*** Data records ***

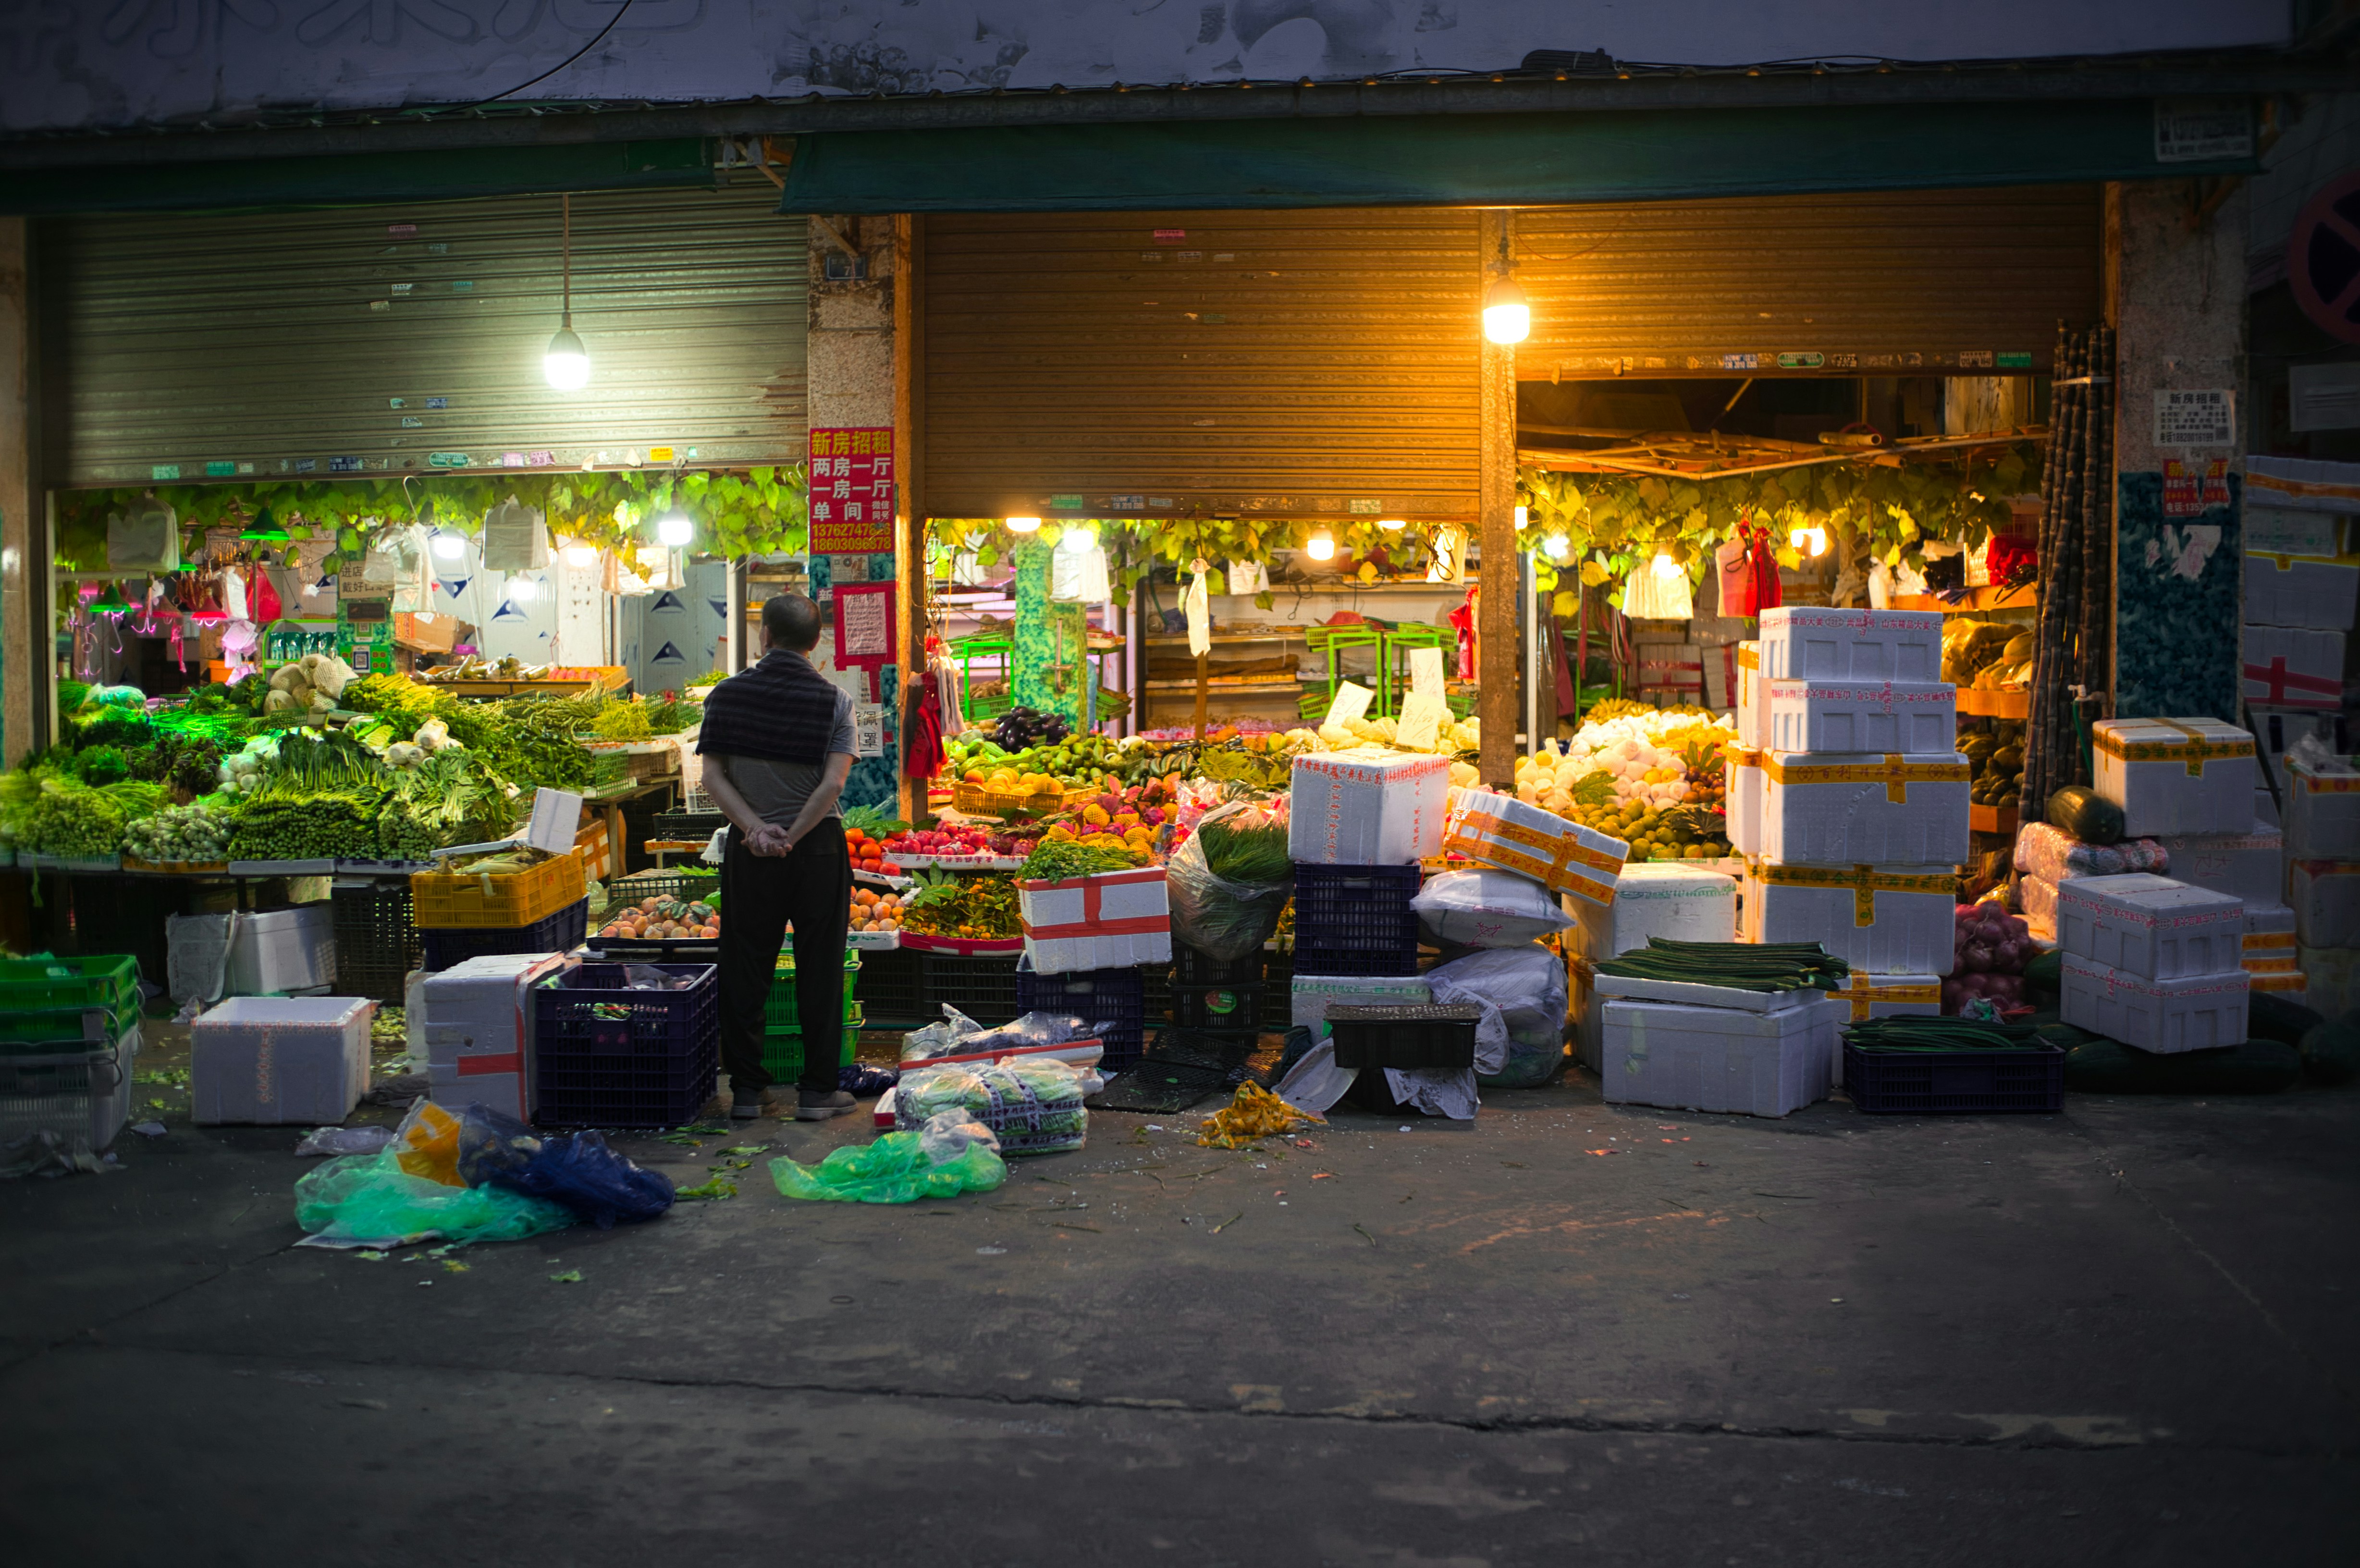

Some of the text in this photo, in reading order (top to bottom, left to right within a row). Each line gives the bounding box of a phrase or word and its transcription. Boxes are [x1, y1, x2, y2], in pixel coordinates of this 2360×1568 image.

[844, 266, 850, 276] 7
[2170, 393, 2221, 404] 新房招租
[812, 431, 892, 455] 新房招租
[812, 457, 891, 477] 两房一厅
[812, 479, 891, 499] 一房一厅
[872, 501, 890, 510] 微信
[872, 511, 890, 520] 同号
[342, 566, 362, 577] 进店
[1881, 619, 1931, 630] 山东精品大姜
[2173, 908, 2243, 927] 山东精品大姜 品1号
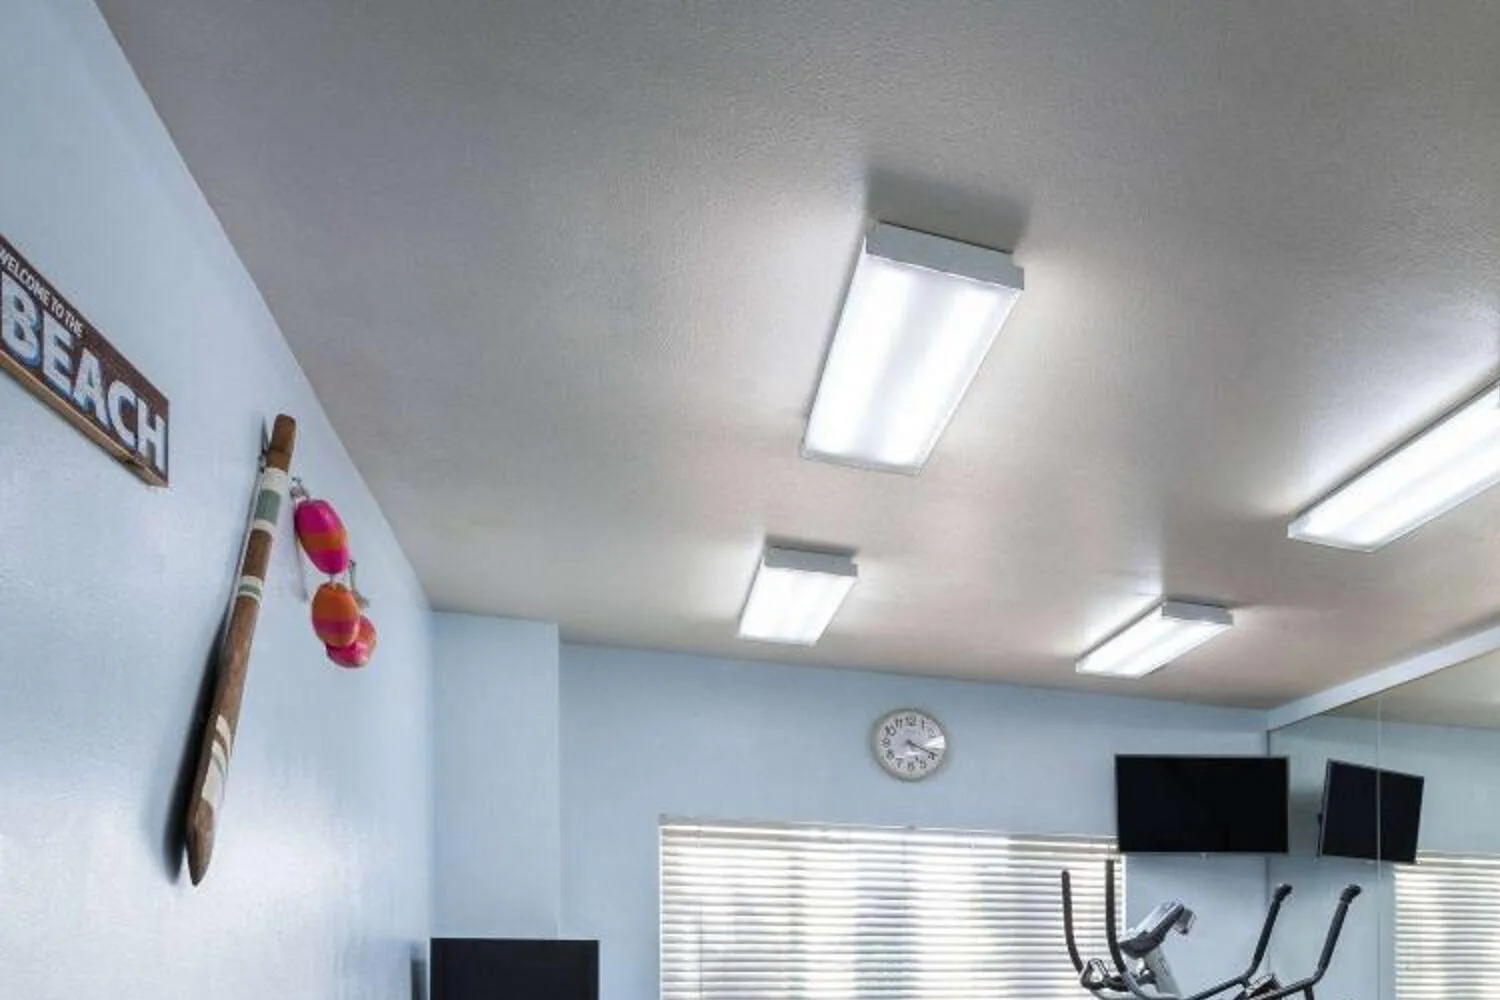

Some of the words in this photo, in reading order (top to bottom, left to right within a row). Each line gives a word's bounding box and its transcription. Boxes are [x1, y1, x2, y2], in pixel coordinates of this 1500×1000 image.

[1, 271, 165, 477] BEACH
[51, 296, 65, 318] TO
[65, 310, 84, 338] THE
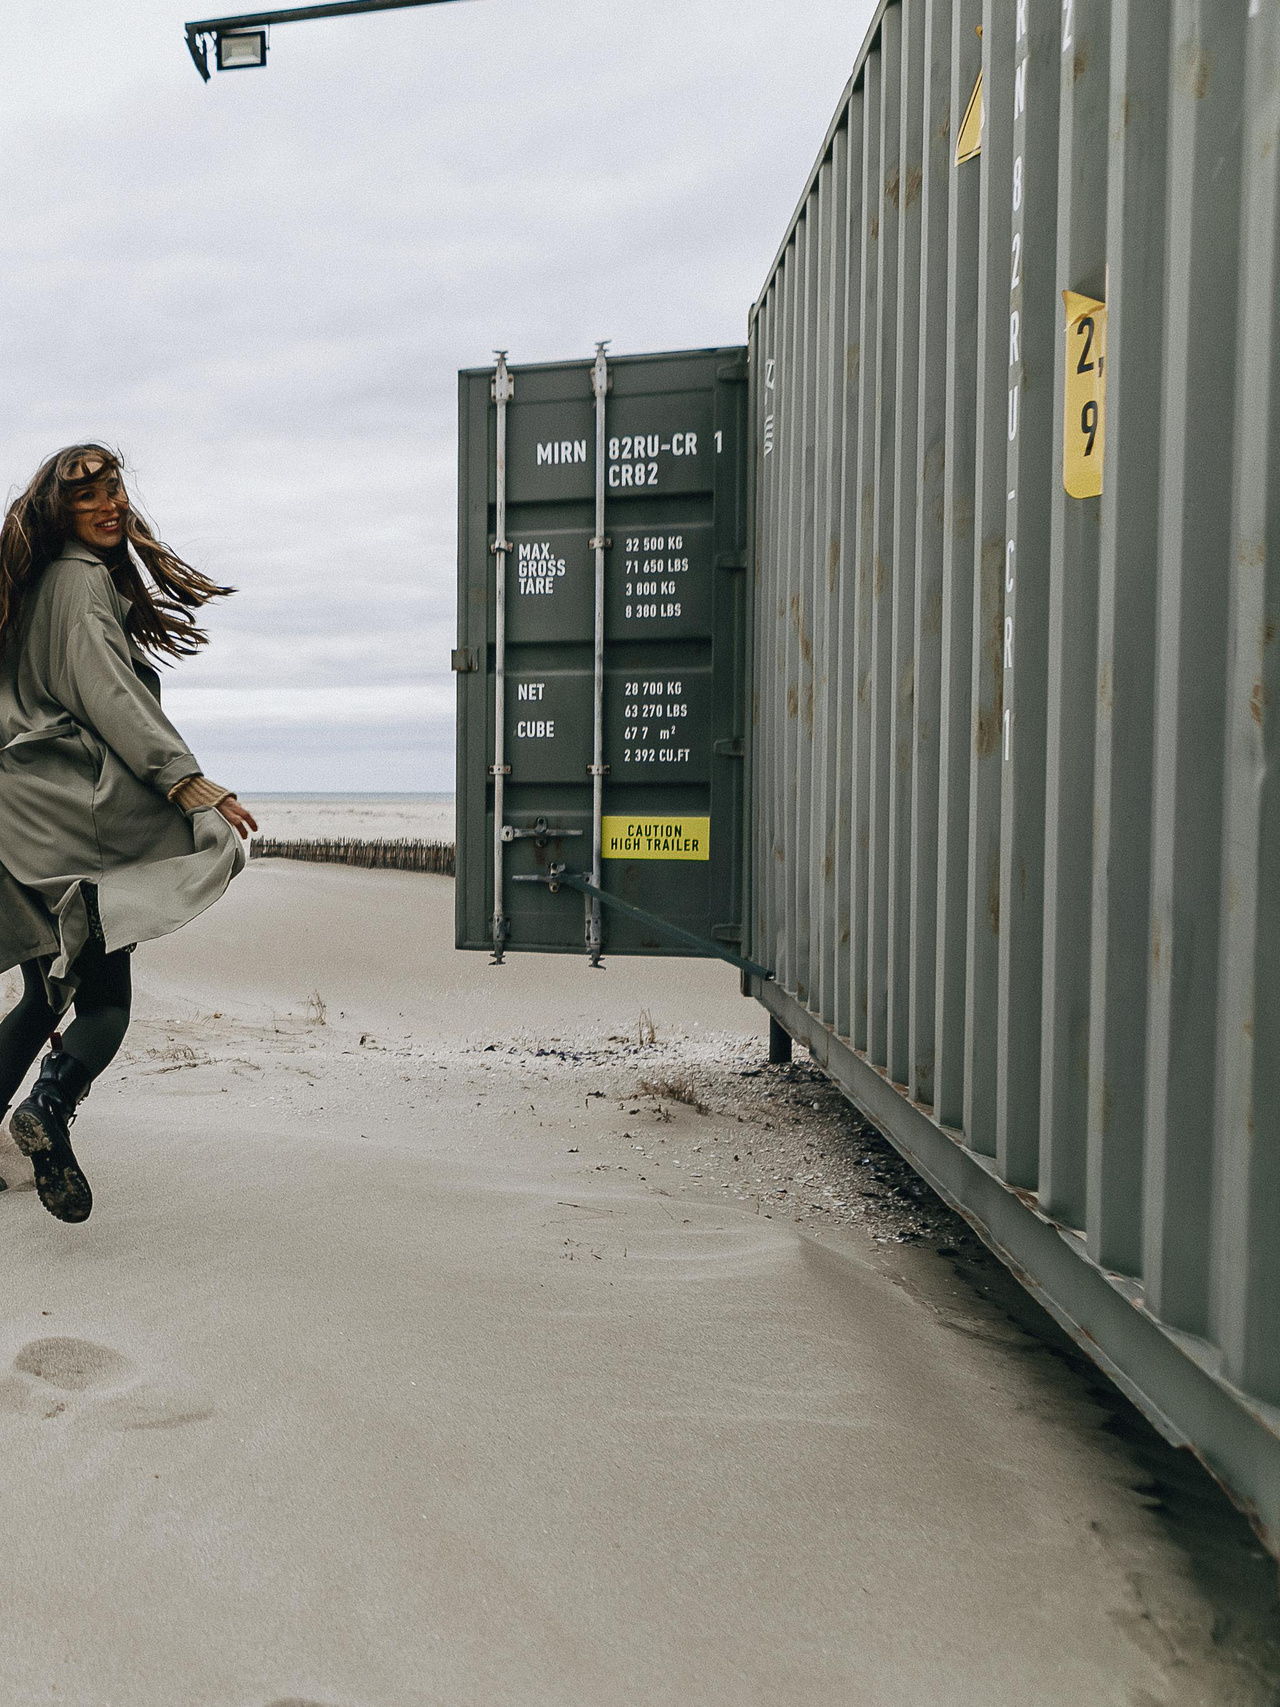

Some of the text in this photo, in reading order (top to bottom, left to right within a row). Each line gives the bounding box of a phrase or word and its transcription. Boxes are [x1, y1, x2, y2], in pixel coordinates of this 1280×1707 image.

[1080, 400, 1098, 458] 9
[536, 430, 723, 466] MIRN 82RU-CR 1
[608, 462, 659, 488] CR82
[518, 543, 555, 561] MAX.
[625, 535, 683, 552] 32 500 KG
[518, 559, 566, 578] GROSS
[625, 557, 689, 574] 71 650 LBS
[519, 577, 554, 595] TARE
[625, 580, 676, 596] 3 800 KG
[625, 602, 682, 619] 8 380 LBS
[518, 683, 545, 701] NET
[624, 681, 682, 696] 28 700 KG
[624, 703, 688, 718] 63 270 LBS
[517, 721, 555, 738] CUBE
[624, 726, 638, 740] 67
[624, 748, 691, 762] 2 392 CU.FT
[627, 824, 683, 838] CAUTION
[611, 838, 700, 852] HIGH TRAILER

*** End of Data records ***

What to work on: When you repeat the data, keep it exact and drop every picture.

Task solution:
Some of the text in this photo, in reading order (top to bottom, left to right within a row). Each line gives the bounding box of a phrase or word and its transcription. Boxes are [x1, y1, x2, y2], in pixel coordinates of this 2360×1568 image.

[844, 266, 850, 276] 7
[2170, 393, 2221, 404] 新房招租
[812, 431, 892, 455] 新房招租
[812, 457, 891, 477] 两房一厅
[812, 479, 891, 499] 一房一厅
[872, 501, 890, 510] 微信
[872, 511, 890, 520] 同号
[342, 566, 362, 577] 进店
[1881, 619, 1931, 630] 山东精品大姜
[2173, 908, 2243, 927] 山东精品大姜 品1号

Some of the words in this photo, in reading order (top to bottom, left to right within a row). Each line gives a word's bounding box and its transcription. Boxes are [x1, y1, x2, y2], in pixel coordinates of this 1500×1000 image.

[1, 271, 165, 477] BEACH
[51, 296, 65, 318] TO
[65, 310, 84, 338] THE

Some of the text in this photo, in reading order (top to bottom, left to right within a row). Each line gives the bounding box of a phrase or word and its transcription. Boxes are [x1, y1, x2, y2], in pixel coordinates of this 1280×1707 image.

[1080, 400, 1098, 458] 9
[536, 430, 723, 466] MIRN 82RU-CR 1
[608, 462, 659, 488] CR82
[518, 543, 555, 561] MAX.
[625, 535, 683, 552] 32 500 KG
[518, 559, 566, 578] GROSS
[625, 557, 689, 574] 71 650 LBS
[519, 577, 554, 595] TARE
[625, 580, 676, 596] 3 800 KG
[625, 602, 682, 619] 8 380 LBS
[518, 683, 545, 701] NET
[624, 681, 682, 696] 28 700 KG
[624, 703, 688, 718] 63 270 LBS
[517, 721, 555, 738] CUBE
[624, 726, 638, 740] 67
[624, 748, 691, 762] 2 392 CU.FT
[627, 824, 683, 838] CAUTION
[611, 838, 700, 852] HIGH TRAILER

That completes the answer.